Frigyes
Karinthy : Nouvelles parues dans la presse
UNE VIEILLE
BLAGUE
Cher confrère George Bernard,
Cher GB, voire GMBH,
puisque vous œuvrez avec « une responsabilité
limitée » de même que ces sociétés
– mon cher collègue Shaw, mon camarade et ami aristocrate, tovaritch Shaw et comte de Shaw, mon prince
majestueux, toi, le seul homme normal, le seul homme ordinaire en ce monde,
comme tu te nommerais si quelqu’un essayait de le contester, toi qui, un
jour, sur la scène ridiculises le commissaire du peuple et le lendemain,
dans une interview tu le serres dans tes bras – mon très
respecté président de l’union mondiale des humoristes, je
jure que je ne vous jalouse ni pour l’indignation de l’opinion
publique anglaise, ni pour les applaudissements de l’opinion publique
allemande, à l’occasion de votre dernière visite chez les
Soviets (je suis moi-même un ami des paradoxes, depuis que j’ai
réalisé combien la route droite est longue et combien est court
ton chemin courbe vers le succès). Et je ne vous envie pas non plus
parce que les je-ne-sais-combien de milliers de journaux du monde consacrent
chaque jour au moins une demi-page à vos déclarations les plus
fraîches, alors qu’on prétend que la force de frappe de vos
bons mots réside justement dans leur concision. Je ne vous envie donc
pas, je mentionne votre grande popularité en guise d’excuse de
réagir seulement brièvement à vos innombrables aphorismes
– hélas, le rédacteur vient justement de me faire savoir
qu’il ne peut mettre à ma disposition qu’un quart de colonne
tout au plus, parce qu’il lui faut de la place pour la dernière
conversation de G.B. Shaw parvenue ce matin, dans laquelle il parle
longuement de la vanité du journalisme et de la surabondance inutile des
reportages. Je commenterais volontiers vos propos, cher Shaw de ce monde surshawé, mais tôt ou tard vous
évinceriez vos propres exégètes des colonnes des journaux
– par conséquent il ne peut pas être question d’un
digne éloge de ma part. Mais de toute façon je n’avais pas
l’intention d’entrer en débat avec vous, mon cher Shaw.
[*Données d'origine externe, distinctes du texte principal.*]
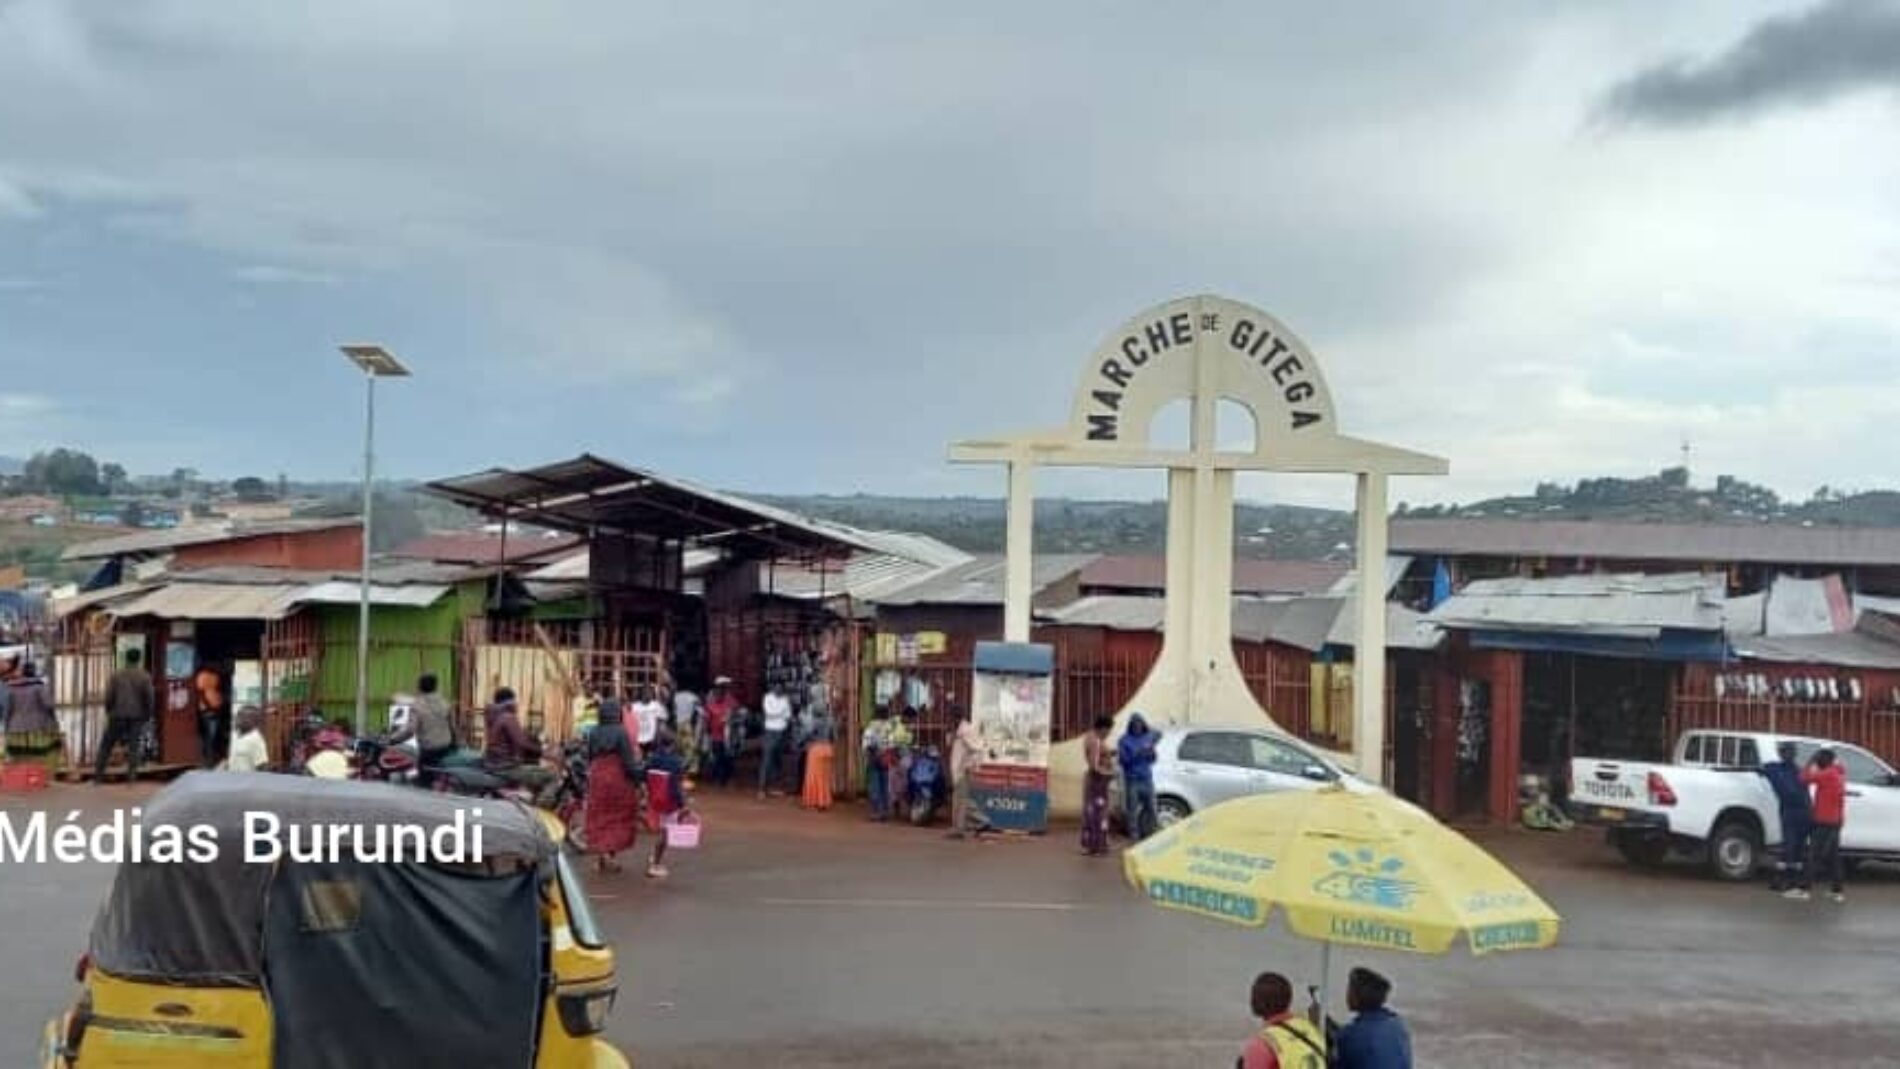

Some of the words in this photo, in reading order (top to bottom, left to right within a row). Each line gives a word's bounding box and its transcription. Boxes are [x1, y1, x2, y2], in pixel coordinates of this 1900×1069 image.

[1086, 312, 1193, 441] MARCHE
[1201, 314, 1220, 332] DE
[1229, 319, 1322, 430] GITEGA
[1584, 780, 1635, 799] TOYOTA
[1330, 914, 1418, 949] LUMITEL
Je
comptais seulement vous mettre en garde : une petite chose, une bagatelle
sans importance – elle n’est pas plus qu’une maladresse
vestimentaire que, celui qui l’a remarquée, souffle vite à
l’oreille, et l’autre rectifie simplement et c’est tout, puis
tous les deux vaquent à leurs occupations.
Après votre
retentissante conversation avec Staline (sur un sujet que, d’un commun
accord, vous voulez garder secret) votre tête souriante a apparu au
milieu de journalistes qui vous guettaient à la sortie, flairant une
déclaration fracassante. À leurs questions pressantes sur ce qui
avait été dit et sur l’effet de Staline sur vous, vous avez
répondu :
- Messieurs,
d’ores et déjà je peux dévoiler un secret :
Staline porte une abondante moustache noire.
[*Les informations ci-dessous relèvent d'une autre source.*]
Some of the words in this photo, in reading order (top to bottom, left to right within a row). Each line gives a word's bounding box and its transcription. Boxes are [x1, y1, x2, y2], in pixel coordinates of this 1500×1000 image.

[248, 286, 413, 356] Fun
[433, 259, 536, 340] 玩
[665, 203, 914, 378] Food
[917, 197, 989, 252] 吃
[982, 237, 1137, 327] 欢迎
Des milliers de journaux ont
reproduit cette bonne blague et vous ont applaudi, mon cher Shaw.
Moi, je vous tire à
part, et je vous informe que lorsqu’il y a vingt ans, je voulais placer
l’original de cette blague dans un journal de province, le
rédacteur l’a rejetée, affirmant qu’elle
n’était ni originale ni récente.
Dans l’original de
cette blague, Monsieur Kohn dit au
commerçant bossu après leur transaction : cher Weisz, maintenant je peux vous avouer que je suis juif.
À quoi Weisz répond :
confidence pour confidence, mon cher Kohn, moi
je suis bossu.
Cher Shaw, si par hasard je
m’étais trouvé parmi les journalistes à qui vous
avez voulu vendre votre dernière blague, je vous aurais
répondu : la moustache noire de Staline n’était encore
qu’un premier duvet quand cette blague avait déjà une
longue barbe blanche, cher confrère Shaw, mon confrère en humour.
Pesti Napló, le 7 août
1931.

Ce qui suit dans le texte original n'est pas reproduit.